◆ Aim of the exercise
Pictures in the records are to be omitted; everything else is copied exactly.
*** Opening of Information provided ***
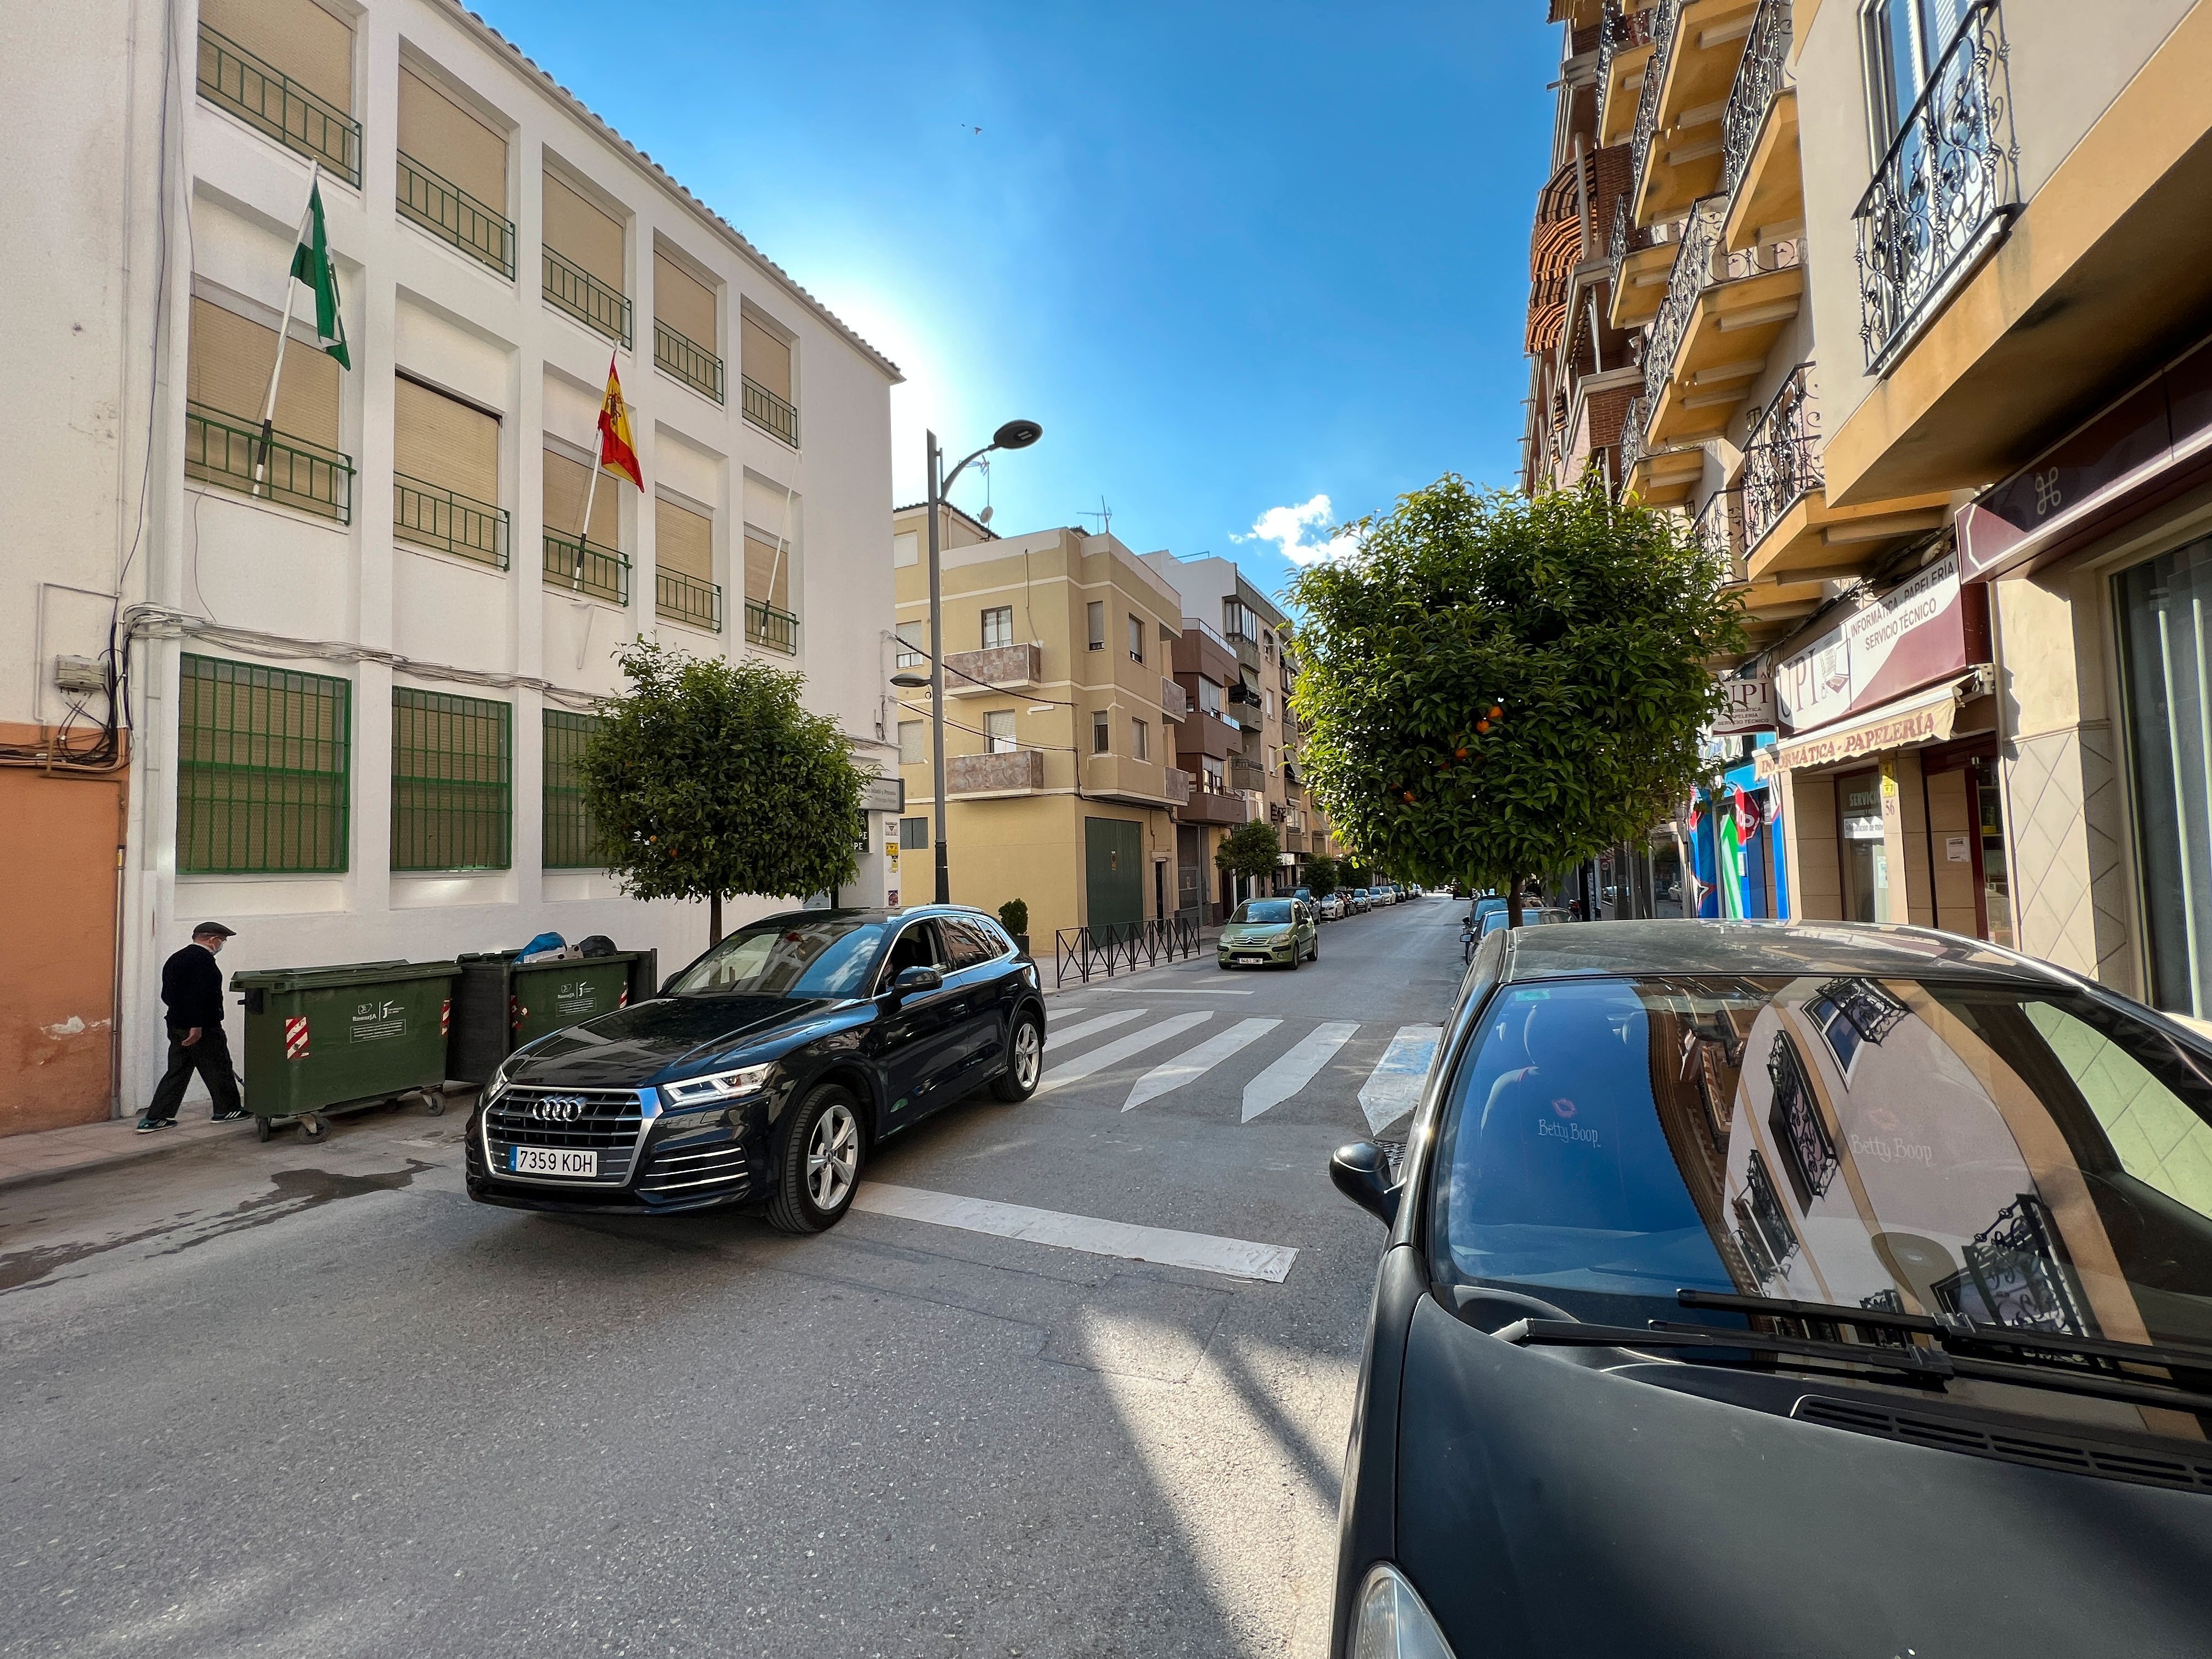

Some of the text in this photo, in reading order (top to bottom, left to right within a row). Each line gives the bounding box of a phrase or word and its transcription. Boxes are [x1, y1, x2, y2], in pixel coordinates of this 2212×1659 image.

[1851, 597, 1898, 637] INFORMÁTICA
[1904, 561, 1954, 604] PAPELERÍA
[1865, 597, 1937, 651] SERVICIO TÉCNICO
[1777, 648, 1819, 718] UPI
[1844, 713, 1934, 753] PAPELERÍA
[1886, 799, 1894, 816] 56
[1538, 1119, 1598, 1148] Betty Boop
[1850, 1134, 1932, 1167] Betty Boop
[520, 1151, 592, 1173] 7359 KDH
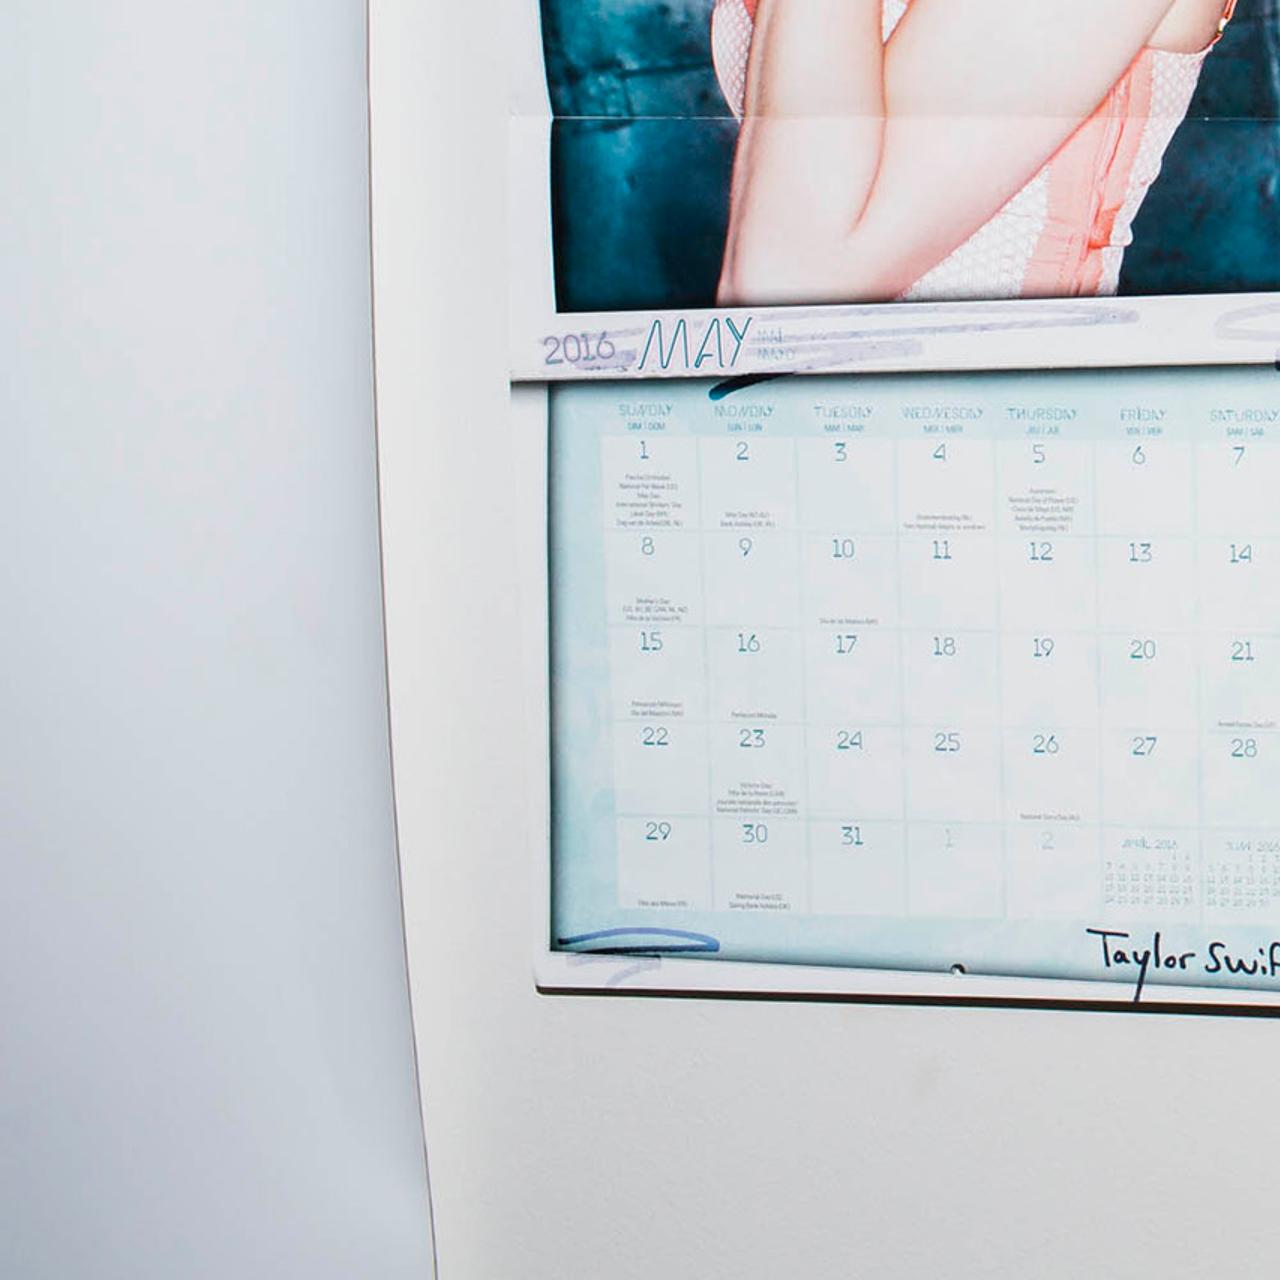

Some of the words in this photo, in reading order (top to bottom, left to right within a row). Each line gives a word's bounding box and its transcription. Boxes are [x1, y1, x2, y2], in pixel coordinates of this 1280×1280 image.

[543, 332, 616, 365] 2016
[638, 316, 752, 370] MAY
[619, 403, 672, 418] SUNDAY
[714, 404, 775, 418] MONDAY
[814, 405, 873, 420] TUESDAY
[1006, 407, 1078, 421] THURSDAY
[1120, 407, 1166, 422] FRIDAY
[1210, 408, 1280, 423] SATURDAY
[640, 441, 649, 459] 1
[737, 442, 749, 460] 2
[835, 443, 846, 461] 3
[933, 444, 945, 460] 4
[1033, 445, 1045, 463] 5
[1133, 446, 1145, 464] 6
[1233, 447, 1244, 464] 7
[641, 537, 654, 555] 8
[740, 538, 752, 557] 9
[833, 539, 854, 557] 10
[933, 541, 951, 559] 11
[1030, 542, 1052, 560] 12
[1130, 543, 1151, 562] 13
[1231, 544, 1251, 563] 14
[641, 632, 662, 651] 15
[739, 634, 759, 652] 16
[837, 635, 856, 653] 17
[934, 637, 955, 656] 18
[1034, 639, 1053, 657] 19
[1130, 642, 1155, 659] 20
[1232, 642, 1254, 661] 21
[643, 727, 668, 745] 22
[740, 729, 764, 747] 23
[837, 731, 861, 750] 24
[935, 733, 959, 751] 25
[1034, 736, 1059, 753] 26
[1133, 737, 1156, 755] 27
[1232, 739, 1257, 757] 28
[646, 823, 671, 840] 29
[743, 824, 767, 842] 30
[842, 827, 863, 845] 31
[945, 830, 954, 849] 1
[1042, 831, 1054, 849] 2
[1086, 927, 1196, 1002] Taylor
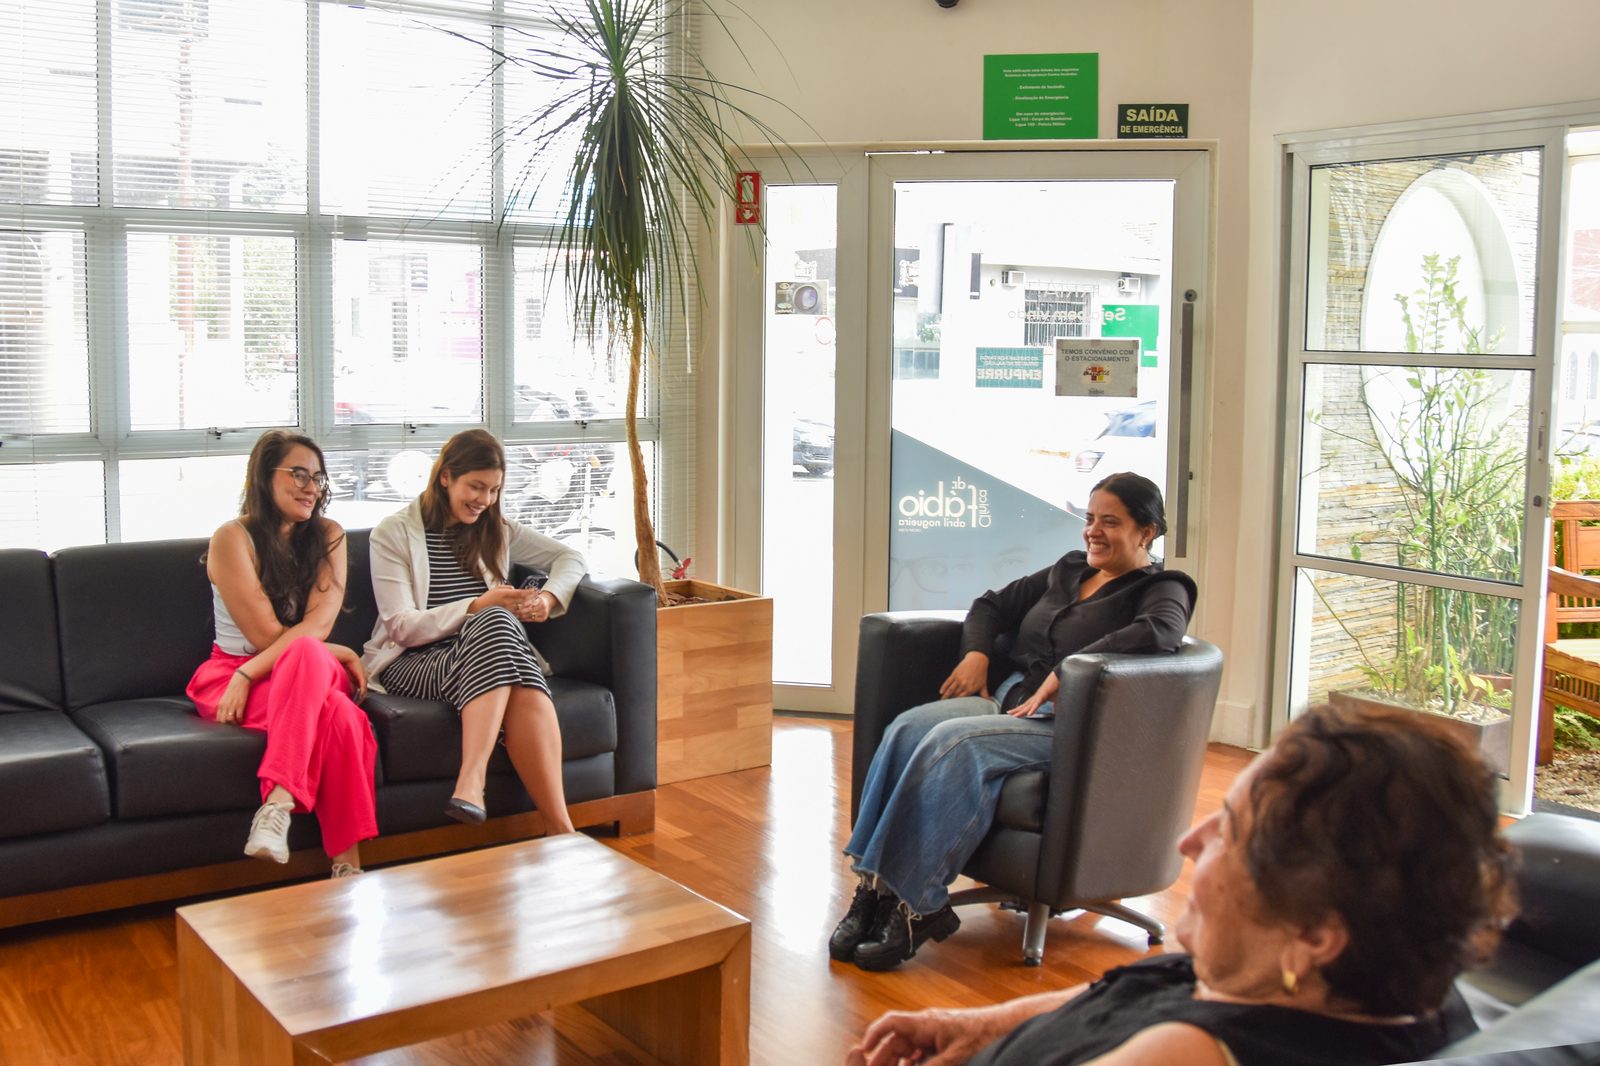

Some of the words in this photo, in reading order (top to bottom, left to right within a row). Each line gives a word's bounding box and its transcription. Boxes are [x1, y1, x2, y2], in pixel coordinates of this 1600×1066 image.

[1126, 106, 1179, 121] SAÍDA
[1120, 125, 1131, 133] DE
[1132, 123, 1184, 134] EMERGÊNCIA
[1084, 347, 1118, 355] CONVÊNIO
*** Close of Information provided ***
◆ Solved problem
Some of the text in this photo, in reading order (top to bottom, left to right within a row). Each line gives the bounding box of a phrase or word and its transcription. Boxes are [x1, y1, x2, y2], in pixel coordinates of this 2212×1659 image.

[1851, 597, 1898, 637] INFORMÁTICA
[1904, 561, 1954, 604] PAPELERÍA
[1865, 597, 1937, 651] SERVICIO TÉCNICO
[1777, 648, 1819, 718] UPI
[1844, 713, 1934, 753] PAPELERÍA
[1886, 799, 1894, 816] 56
[1538, 1119, 1598, 1148] Betty Boop
[1850, 1134, 1932, 1167] Betty Boop
[520, 1151, 592, 1173] 7359 KDH

Some of the words in this photo, in reading order (top to bottom, left to right within a row). Each line gives a word's bounding box and its transcription. Boxes are [x1, y1, x2, y2], in pixel coordinates of this 1280×1280 image.

[543, 332, 616, 365] 2016
[638, 316, 752, 370] MAY
[619, 403, 672, 418] SUNDAY
[714, 404, 775, 418] MONDAY
[814, 405, 873, 420] TUESDAY
[1006, 407, 1078, 421] THURSDAY
[1120, 407, 1166, 422] FRIDAY
[1210, 408, 1280, 423] SATURDAY
[640, 441, 649, 459] 1
[737, 442, 749, 460] 2
[835, 443, 846, 461] 3
[933, 444, 945, 460] 4
[1033, 445, 1045, 463] 5
[1133, 446, 1145, 464] 6
[1233, 447, 1244, 464] 7
[641, 537, 654, 555] 8
[740, 538, 752, 557] 9
[833, 539, 854, 557] 10
[933, 541, 951, 559] 11
[1030, 542, 1052, 560] 12
[1130, 543, 1151, 562] 13
[1231, 544, 1251, 563] 14
[641, 632, 662, 651] 15
[739, 634, 759, 652] 16
[837, 635, 856, 653] 17
[934, 637, 955, 656] 18
[1034, 639, 1053, 657] 19
[1130, 642, 1155, 659] 20
[1232, 642, 1254, 661] 21
[643, 727, 668, 745] 22
[740, 729, 764, 747] 23
[837, 731, 861, 750] 24
[935, 733, 959, 751] 25
[1034, 736, 1059, 753] 26
[1133, 737, 1156, 755] 27
[1232, 739, 1257, 757] 28
[646, 823, 671, 840] 29
[743, 824, 767, 842] 30
[842, 827, 863, 845] 31
[945, 830, 954, 849] 1
[1042, 831, 1054, 849] 2
[1086, 927, 1196, 1002] Taylor

Some of the words in this photo, in reading order (top to bottom, left to right within a row). Each line gives a word's bounding box and its transcription. Boxes are [x1, y1, x2, y2], in pixel coordinates of this 1600×1066 image.

[1126, 106, 1179, 121] SAÍDA
[1120, 125, 1131, 133] DE
[1132, 123, 1184, 134] EMERGÊNCIA
[1084, 347, 1118, 355] CONVÊNIO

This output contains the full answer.